Compliance dates. The ETS is effective November 5, 2021. Covered employers must comply with most of its requirements within 30 days of publication. However, they have 60 days to ensure that employees who are not fully vaccinated meet testing requirements.
“While vaccination remains the most effective and efficient defense against COVID-19, this emergency temporary standard will protect all workers, including those who remain unvaccinated, by requiring regular testing and the use of face coverings by unvaccinated workers to prevent the spread of the virus,” said Deputy Assistant Secretary of Labor for Occupational Safety and Health Jim Frederick. “As part of OSHA’s mission to protect the safety and health of workers, this rule will provide a roadmap to help businesses keep their workers safe.”

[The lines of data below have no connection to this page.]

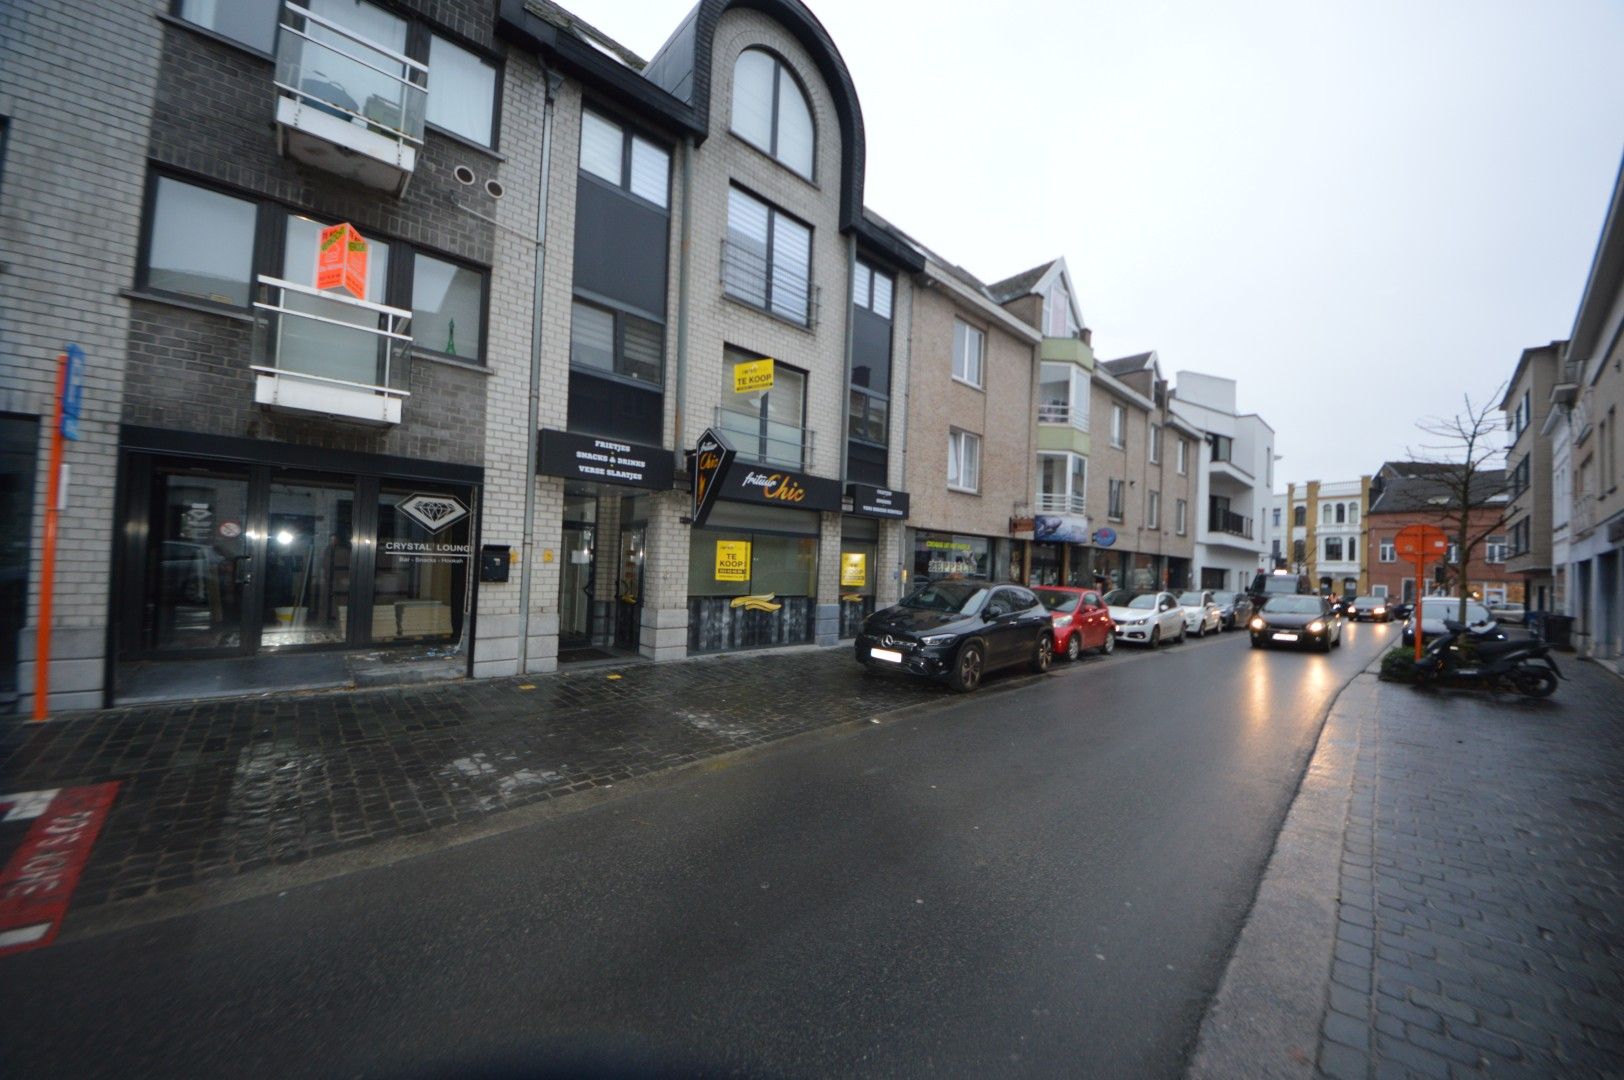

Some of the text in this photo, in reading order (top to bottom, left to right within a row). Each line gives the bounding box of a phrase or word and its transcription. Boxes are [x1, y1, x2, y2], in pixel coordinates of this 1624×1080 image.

[737, 373, 772, 385] TE KOOP
[594, 439, 631, 453] FRIETJES
[576, 450, 609, 463] SNACKS
[617, 457, 646, 469] DRINKS
[578, 465, 643, 481] VERSE SLAATJES
[742, 471, 806, 502] frituur Chic
[385, 542, 472, 553] CRYSTAL LOUNG
[719, 560, 743, 568] KOOP

Federal contractors and federal workforce. Notably, the ETS does not apply to workplaces subject to Executive Order 14042, “Ensuring Adequate COVID Safety Protocols for Federal Contractors.” OSHA will treat federal agencies’ compliance with Executive Order 14043, “Requiring Coronavirus Disease 2019 Vaccination for Federal Employees,” and Safer Federal Workforce Task Force guidance issued under Section 4(e) of Executive Order 13991, “Protecting the Federal Workforce and Requiring Mask-Wearing,” and Section 2 of Executive Order 14043, as sufficient to meet their obligations under the OSH Act and Executive Order 12196, “Occupational safety and health programs for Federal employees” (1980).
Authority. According to the DOL, the ETS is based on the requirements of the Occupational Safety and Health (OSH) Act and legal precedent arising thereunder. Under Section 6(c)(1) of the OSH Act, OSHA shall issue an ETS if the agency determines that employees are subject to grave danger from exposure to substances or agents determined to be toxic or physically harmful or from new hazards, and an ETS is necessary to protect employees from such danger.
Risk to workers. Citing CDC statistics, the DOL noted that COVID-19 has killed more than 725,000 people in the United States in less than two years, and infected millions more. The pandemic continues to affect workers and workplaces. While COVID-19 vaccines authorized or approved by the U.S. Food and Drug Administration effectively protect vaccinated people against severe illness and death from COVID-19, unvaccinated people remain at much higher risk of severe health outcomes from COVID-19. Moreover, unvaccinated workers are much more likely to contract and transmit COVID-19 in the workplace than are vaccinated workers.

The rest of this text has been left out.